Estas são três das principais conclusões do abrangente relatório “Startup & Entrepreneurial Ecosystem”, elaborado pela consultora IDC e apresentado esta terça-feira na mesa redonda “Fintechs – Influência no Ecossistema Financeiro e Principais Tendências para o Futuro”, organizada pela Mastercard.

Izicap, Nickel e Ubirider foram as três startups presentes – e a country manager da Mastercard em Portugal explicou porquê: “Convidámos três startups que são um bom exemplo da economia real, startups que estão a resolver casos reais que a sociedade tem premente: a mobilidade, o apoio aos pequenos comerciantes e novas relações com os consumidores que têm uma conta bancária. Três exemplos práticos de como a digitalização e a inovação são palavras-chave a melhorar”.

A Izicap, uma fintech apoiada pelo Programa Start Path da empresa de pagamentos, disponibiliza soluções inovadoras de fidelização e marketing digital para pequenos comerciantes e adquirentes. Ou seja, transforma o cartão de pagamento num de fidelização, ao perceber se o cliente é de facto fã daquela loja – e se por poderá beneficiar ainda mais com isso. Miguel Mateus, co-fundador e Chief Operating Officer, diz que os dados ajudam a alimentar o ciclo fechado entre consumidores e comerciantes, sendo que por detrás estão informações de transações (quantas vezes a pessoa foi à loja e quanto gastou). A empresa tem hoje 1,5 milhões de inscritos, maioritariamente em França, de onde é o sócio de Miguel Mateus.

A Nickel é o banco digital do grupo BNB Paribas, que vai começar a operar em Portugal até março de 2022. O CEO da fintech no mercado nacional, João Guerra, aproveitou o palco para deixar um conselho às startups: “pensem na simplicidade, na experiência do utilizador, na escala e na internacionalização”.

Já a Ubirider destacou, neste encontro, a importância da iniciativa de cocriação City Possible, lançada pela Mastercard para reunir cidades, empresas e comunidades e identificar desafios comuns e desenvolver soluções conjuntas que promovam o desenvolvimento urbano inclusivo e sustentável, na voz do fundador e CEO, Paulo Ferreira dos Santos.

“Faz parte do ADN da Mastercard o trabalho colaborativo e, no caso de Portugal em particular, Portugal tem acolhido e criado as condições para acolher mais startups e fintechs quer porque as ajuda a sediarem-se cá, a escalarem para fora ou a atraírem investimento”, afirmou Maria Antónia Saldanha, na apresentação, reforçando que a empresa já acelerou 260 startups.

Mas Portugal está bem posicionado no mapa?
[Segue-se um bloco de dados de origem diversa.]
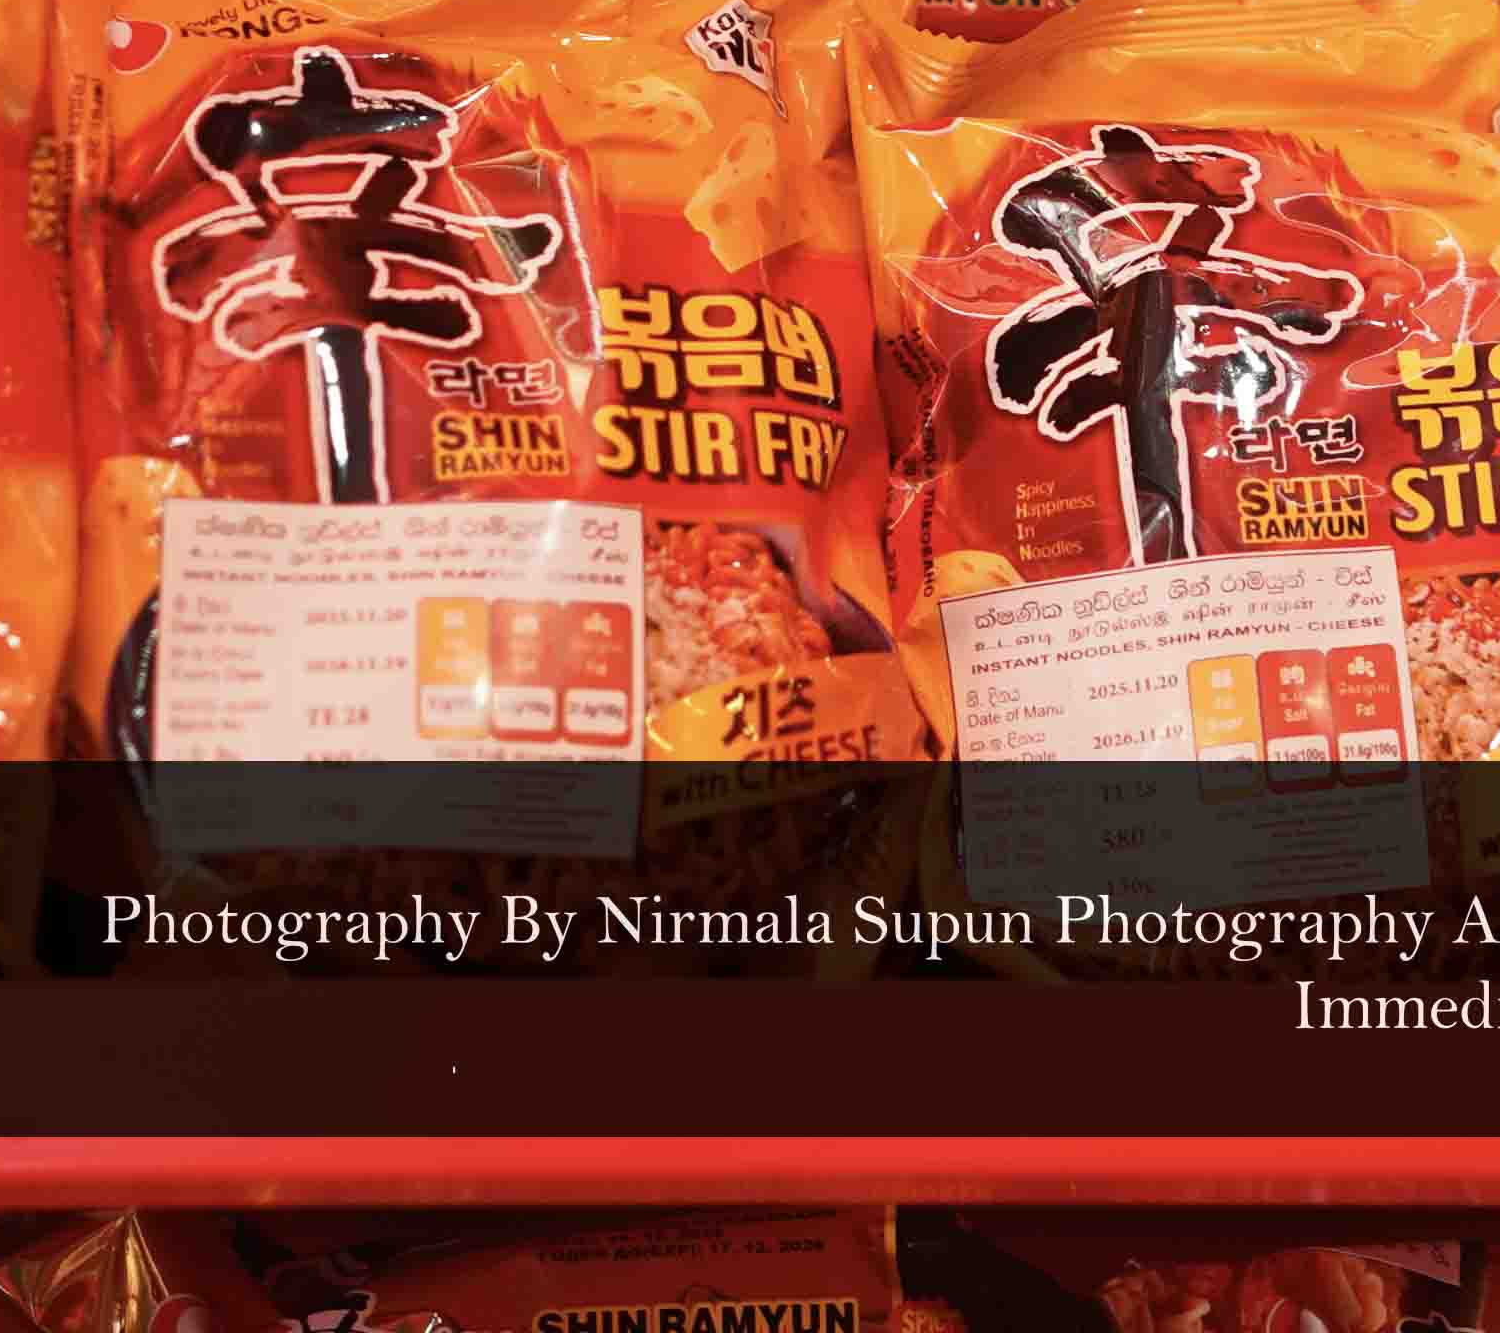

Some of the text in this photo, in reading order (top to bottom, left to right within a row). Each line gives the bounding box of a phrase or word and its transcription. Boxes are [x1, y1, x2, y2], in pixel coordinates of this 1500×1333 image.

Gabriel Coimbra, diretor geral da IDC Portugal e conselheiro da Faber, não tem dúvidas de que as políticas públicas têm ajudado no desenvolvimento do ecossistema, através dos apoios monetários, das Zonas Livres Tecnológicas ou da criação de um visto para nómadas digitais. Contudo, alerta para o baixo custo do talento quando comparado com outros Estados-membros e para os desafios que enfrentam os empreendedores, sobretudo porque 69% pede uma redução da carga fiscal e 46% uma simplificação burocrática. Uma visão na qual o CEO da Nickel se revê: “Era importante que se harmonizasse a fiscalidade com a Europa, houvesse uma redução da carga fiscal”.
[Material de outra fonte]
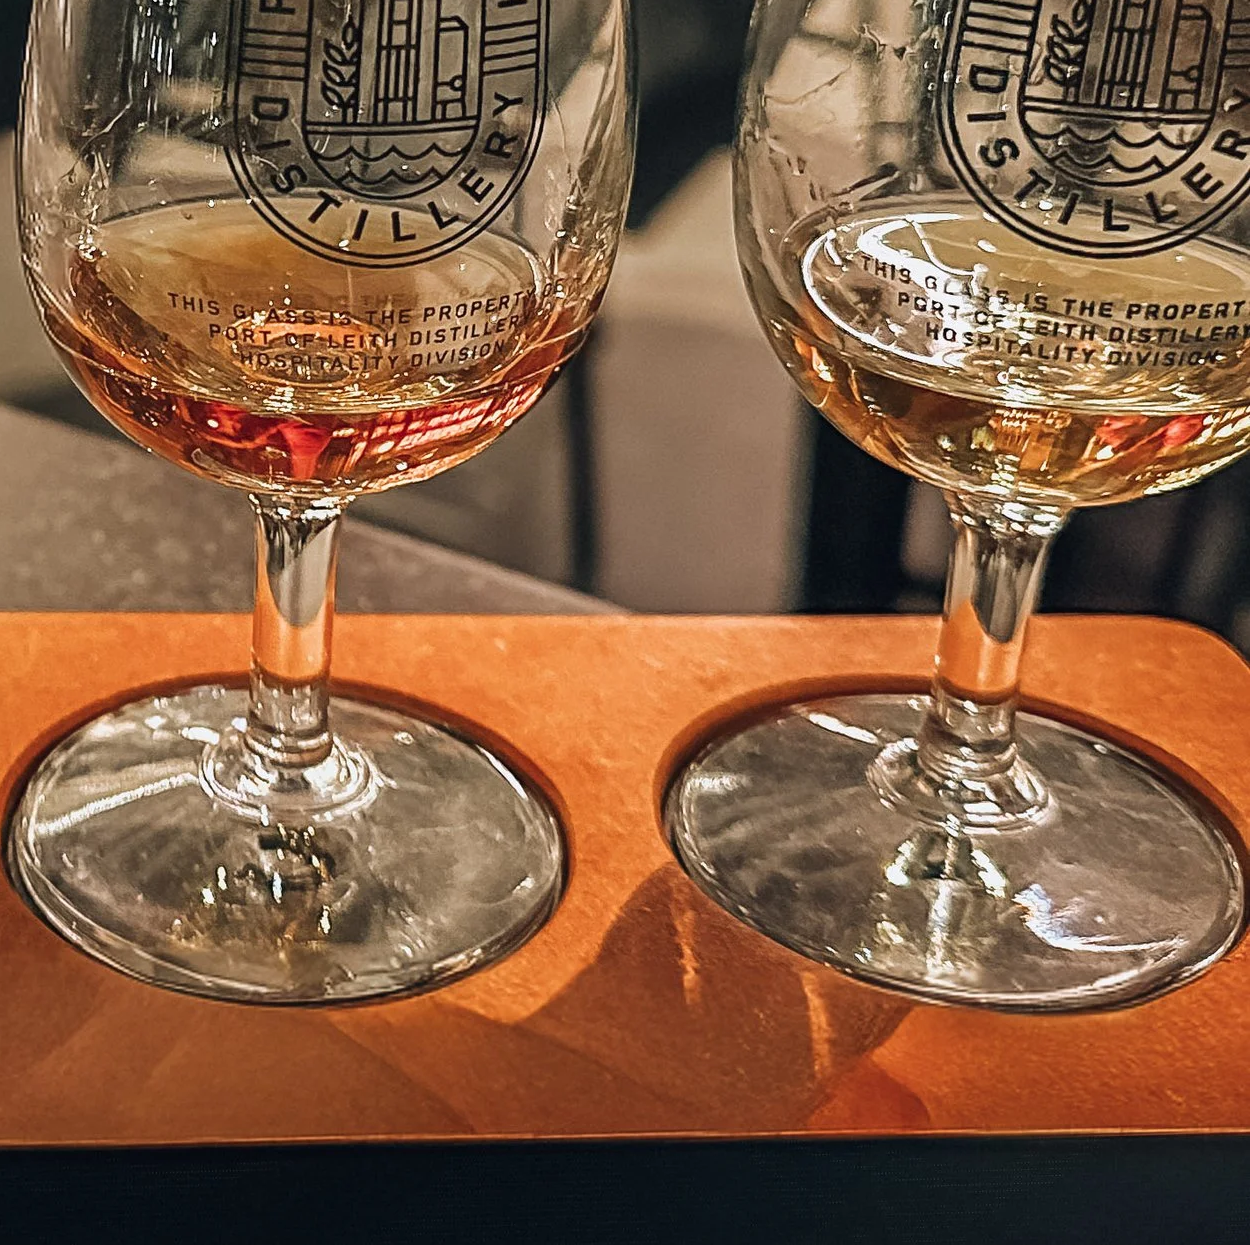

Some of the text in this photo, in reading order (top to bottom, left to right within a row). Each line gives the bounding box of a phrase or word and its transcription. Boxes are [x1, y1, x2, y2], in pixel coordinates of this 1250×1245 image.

[252, 92, 523, 243] DISTILLERY
[167, 292, 220, 316] THIS
[329, 311, 351, 326] IS
[365, 309, 411, 325] THE
[423, 287, 536, 322] PROPERTY
[860, 255, 911, 284] THIS
[1023, 293, 1048, 311] IS
[1062, 298, 1114, 318] THE
[209, 324, 271, 345] PORT
[285, 333, 316, 348] OF
[327, 332, 397, 349] LEITH
[898, 292, 960, 319] PORT
[1019, 317, 1095, 341] LEITH
[240, 339, 504, 371] HOSPITALITY DIVISION
[925, 322, 1222, 367] HOSPITALITY DIVISION
Ainda assim, o líder da IDC realça que Portugal está 13% acima da média europeia em número de startups per capita – sendo que um terço opera na área das tecnologias da informação e comunicação e mais de 40% têm sede no Porto e em Lisboa – e está a meio da tabela da Europa em termos de venture capital, com 166 milhões de dólares (cerca de 147 milhões de euros) contabilizados em 2019. “Há muita ambição por parte das startups, o que é ótimo. A maior parte pretende ser global, uma tecnológica de referência um unicórnio ou já está a pensar num IPO”, referiu ainda Gabriel Coimbra.